I am addressing the recent article printed in The Suffolk Times, “Neighbors: It’s a fence too far.”
The photo of the fence was obviously taken during one of the many storms and extreme high tides we have had this fall.
The fence, when installed, was well above the mean high water mark, allowing ample room for pedestrians to transverse the beach. It was originally 13 feet to mean high water and, after complaints, the Trustees asked that I remove one section, at which time I complied, leaving the end of the fence approximately 25 feet from that mark.
Both the code and the permit originally issued allowed for the fence to be within 10 feet of mean high water. Once again, this did not satisfy some people. They complained to the Trustees that the sign posted: END OF PUBLIC BEACH was not considered “neighbor friendly.”

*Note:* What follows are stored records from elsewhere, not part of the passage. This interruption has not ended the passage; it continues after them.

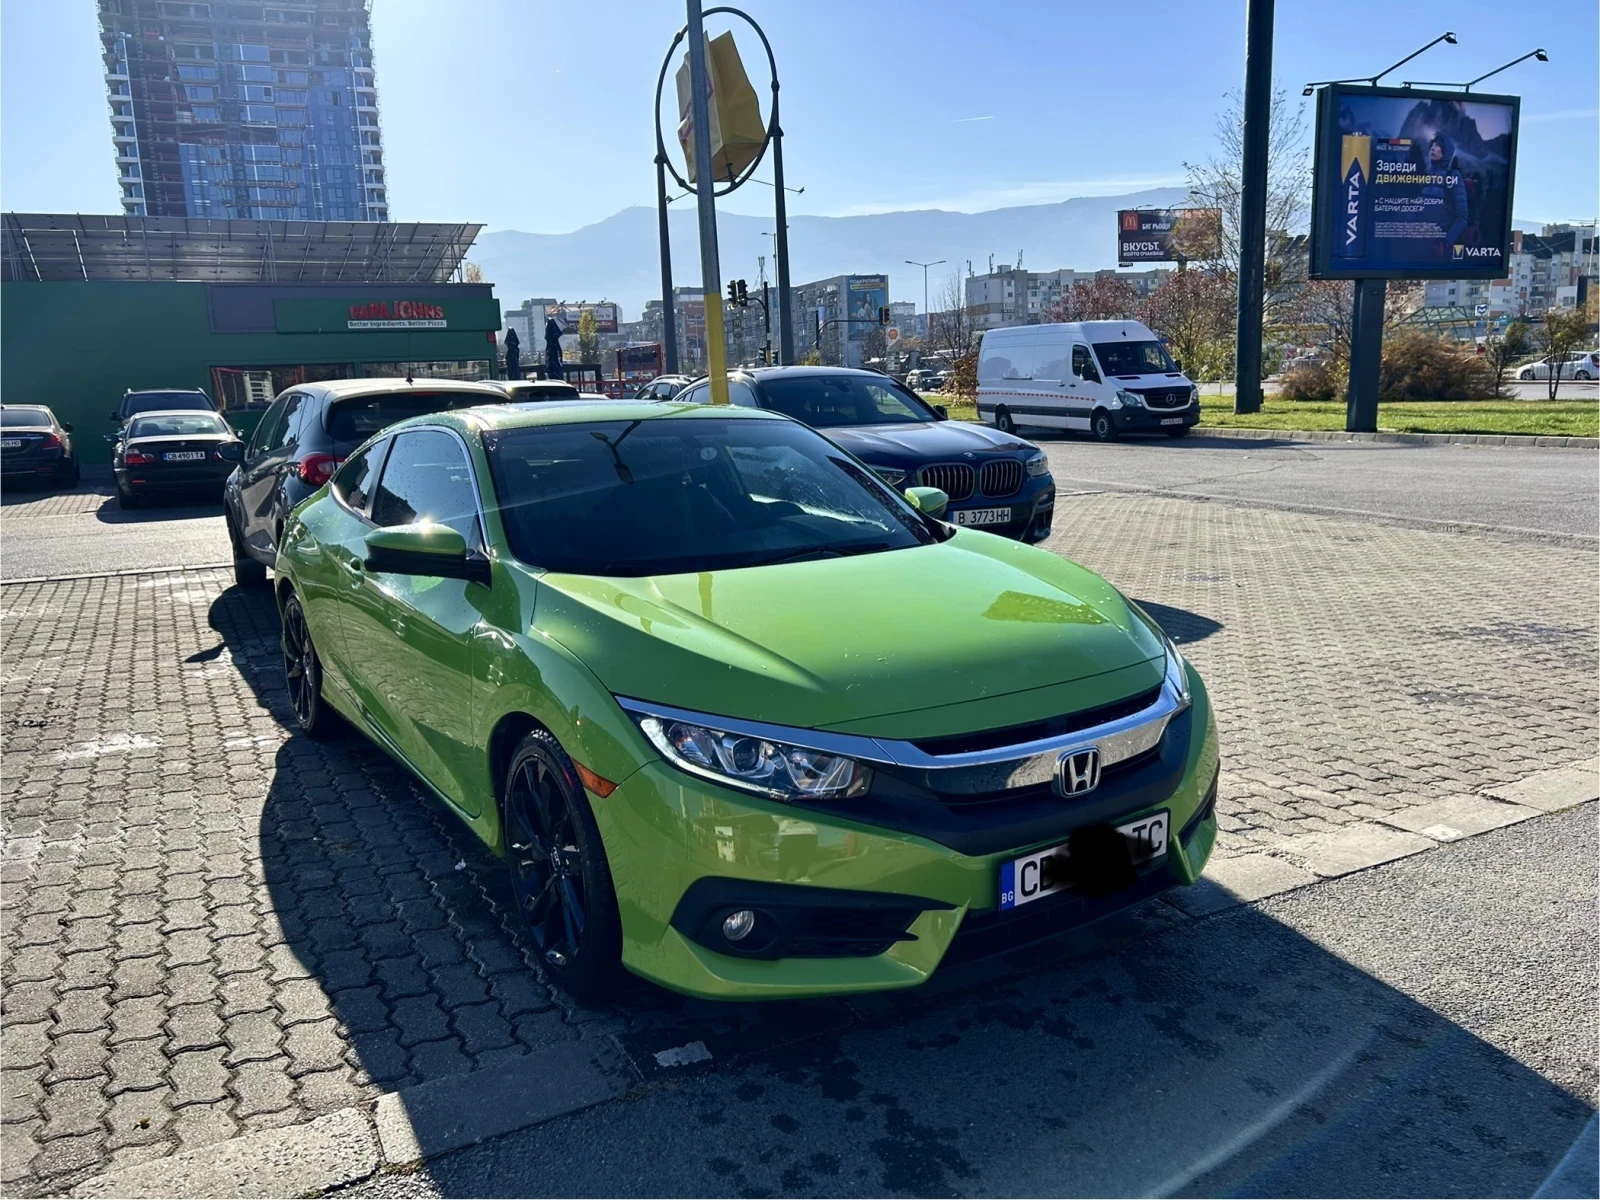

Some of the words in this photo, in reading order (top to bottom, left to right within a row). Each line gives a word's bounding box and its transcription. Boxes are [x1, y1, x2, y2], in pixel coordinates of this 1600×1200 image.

[1376, 160, 1416, 173] Зареди
[1375, 174, 1443, 184] движението
[1446, 175, 1458, 184] си
[1410, 196, 1444, 205] НАЙ-ДОБРИ
[1346, 171, 1360, 246] VARTA
[1123, 242, 1160, 251] ВКУСЪТ,
[1466, 248, 1501, 256] VARTA
[350, 302, 390, 319] PAPA
[958, 512, 965, 524] B
[970, 510, 994, 524] 3773
[996, 509, 1010, 521] HH
[1132, 819, 1162, 858] TC
[1002, 890, 1014, 904] BG

This type of sign was provided by the town public works department to me, as well as many other waterfront property owners that border town beaches. Within two weeks of posting this sign, it was mysteriously removed and my fence was painted with malicious graffiti.

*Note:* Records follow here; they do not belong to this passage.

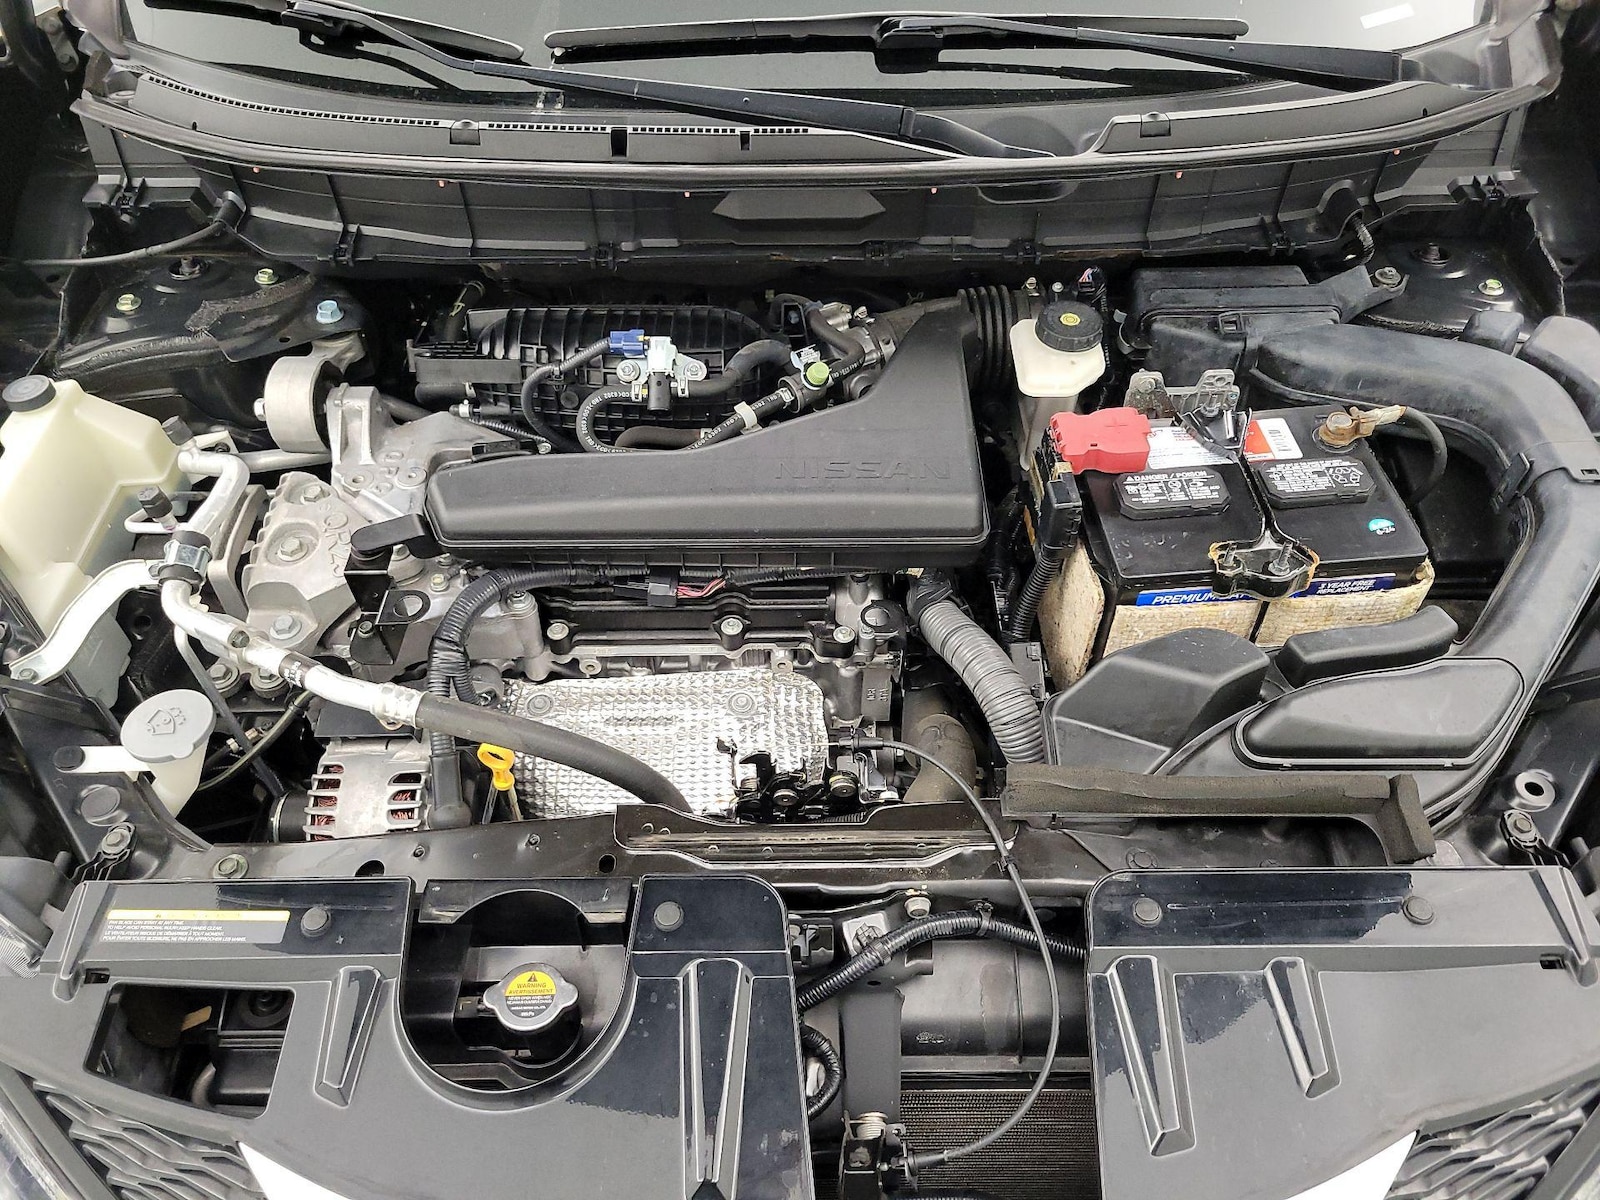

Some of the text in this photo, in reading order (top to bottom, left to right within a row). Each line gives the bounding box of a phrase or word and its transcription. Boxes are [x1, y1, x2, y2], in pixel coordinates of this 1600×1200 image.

[775, 461, 951, 480] NISSAN
[1134, 473, 1169, 482] DANGER
[1327, 581, 1351, 589] YEAR
[1351, 579, 1377, 587] FREE
[1316, 586, 1371, 595] REPLACEMENT
[1152, 592, 1216, 605] PREMIUM

My family purchased this property in 1957, with split-rail fence in place extending to the Sound. The original and all subsequent deeds to our property state that our land extends to the mean high water mark. The property boundary was once again reconfirmed in a 2007 court decision (Christine Rivera, et al. v The State of New York). We maintained this fence for approximately 20 years. Thereafter, the Southold Highway Department installed snow fences on all beachfront properties that bordered town beaches.

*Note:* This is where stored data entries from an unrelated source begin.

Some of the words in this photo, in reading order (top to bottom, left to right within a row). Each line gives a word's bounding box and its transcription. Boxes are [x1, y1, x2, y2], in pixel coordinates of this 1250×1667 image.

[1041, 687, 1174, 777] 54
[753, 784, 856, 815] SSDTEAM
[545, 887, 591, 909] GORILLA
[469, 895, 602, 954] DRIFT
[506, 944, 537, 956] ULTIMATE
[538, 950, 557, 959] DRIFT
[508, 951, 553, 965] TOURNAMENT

These snow fences extended perpendicular to the water line and not closer than 10 feet to that high water mark, as dictated by Chapter 275, the wetlands and shoreline section of the town code. This practice ended in approximately 2006, when the Trustees began regulating the fences by permit to beachfront property owners.
I have adhered to the restrictions of my permit and have accommodated every request made by the Trustees. Many fences exist in Southold Town which not only extend to bulkheads, some extend into the water on a permanent basis.
Since 2006, I have allowed the DEC to fence off my property for nesting piping plovers, leaving only a small access path to the water for my family from April through September. During the summe
r of 2010, the only surviving newborn piping plovers were found my property.
“… As soon as they see somebody walking, they call the cops …,” my neighbor, Paul Calabro, was quoted in the article. I challenge anyone to produce a single incident report filed with the Southold Town Police Department where I, or any member of my family, has complained.
My family and I have been continually harassed for nearly five years by a few disgruntled neighbors. Both John Cleary and Mr. Calabro each have fencing on their property. I doubt either would appreciate individuals climbing over their fences, lounging in their yards, or simply trespassing on their properties as I have been subjected to for many years.
My intent here is to set the record straight and hope people will stop wasting taxpayers’ money and our town officials’ time over a fence that has stood legally on our property since the 1950s.
Ms. Rivera owns a Soundfront property in Mattituck.